Problem details:
Pictures appear among the records. Write out all else exactly as it stands.

Dataset items:
##########

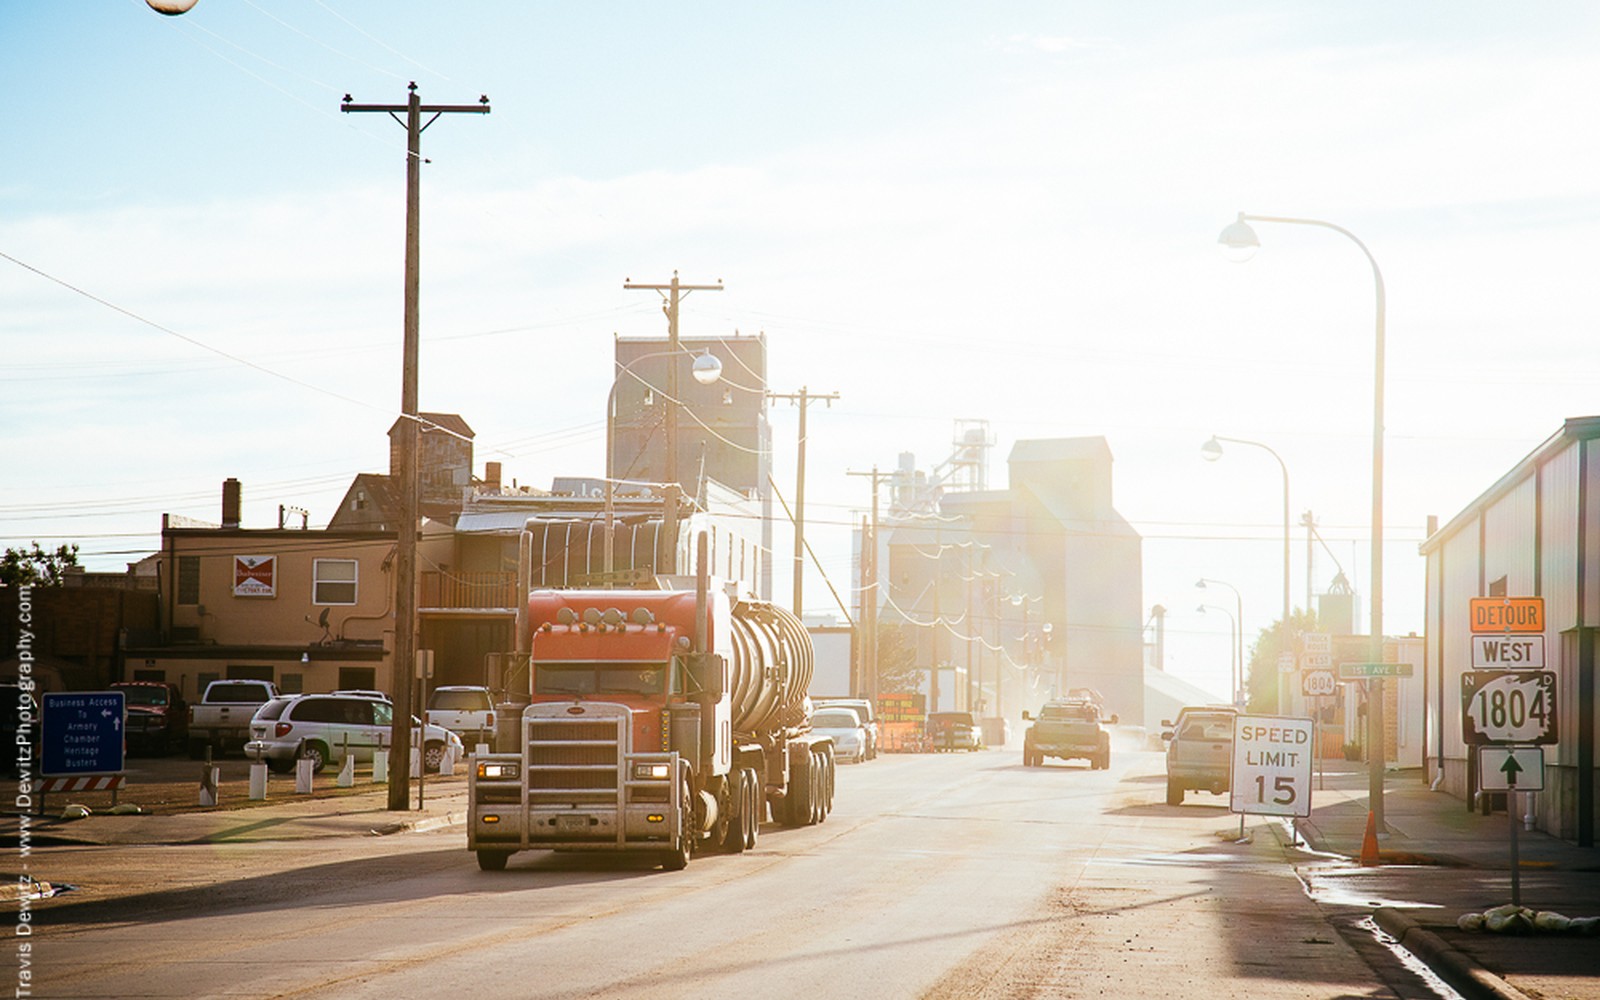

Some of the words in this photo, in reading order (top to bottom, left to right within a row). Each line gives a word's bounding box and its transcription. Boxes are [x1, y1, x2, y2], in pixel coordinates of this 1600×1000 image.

[1477, 605, 1537, 625] DETOUR
[1482, 641, 1533, 662] WEST
[1308, 656, 1329, 665] WEST
[1352, 666, 1367, 674] 1ST
[1372, 666, 1391, 674] AVE
[1396, 666, 1402, 674] E
[1308, 676, 1333, 690] 1804
[1464, 676, 1475, 686] N
[1543, 676, 1553, 686] D
[49, 699, 85, 708] Business
[89, 698, 117, 707] Access
[1478, 689, 1546, 728] 1804
[78, 709, 87, 719] To
[67, 723, 98, 732] Armory
[64, 735, 100, 744] Chamber
[1241, 726, 1308, 744] SPEED
[64, 747, 100, 757] Heritage
[1247, 751, 1299, 767] LIMIT
[1255, 775, 1296, 805] 15

##########

Answer to this exercise:
Some of the words in this photo, in reading order (top to bottom, left to right within a row). Each line gives a word's bounding box and its transcription. Boxes are [x1, y1, x2, y2], in pixel coordinates of this 1600×1000 image.

[1477, 605, 1537, 625] DETOUR
[1482, 641, 1533, 662] WEST
[1308, 656, 1329, 665] WEST
[1352, 666, 1367, 674] 1ST
[1372, 666, 1391, 674] AVE
[1396, 666, 1402, 674] E
[1308, 676, 1333, 690] 1804
[1464, 676, 1475, 686] N
[1543, 676, 1553, 686] D
[49, 699, 85, 708] Business
[89, 698, 117, 707] Access
[1478, 689, 1546, 728] 1804
[78, 709, 87, 719] To
[67, 723, 98, 732] Armory
[64, 735, 100, 744] Chamber
[1241, 726, 1308, 744] SPEED
[64, 747, 100, 757] Heritage
[1247, 751, 1299, 767] LIMIT
[1255, 775, 1296, 805] 15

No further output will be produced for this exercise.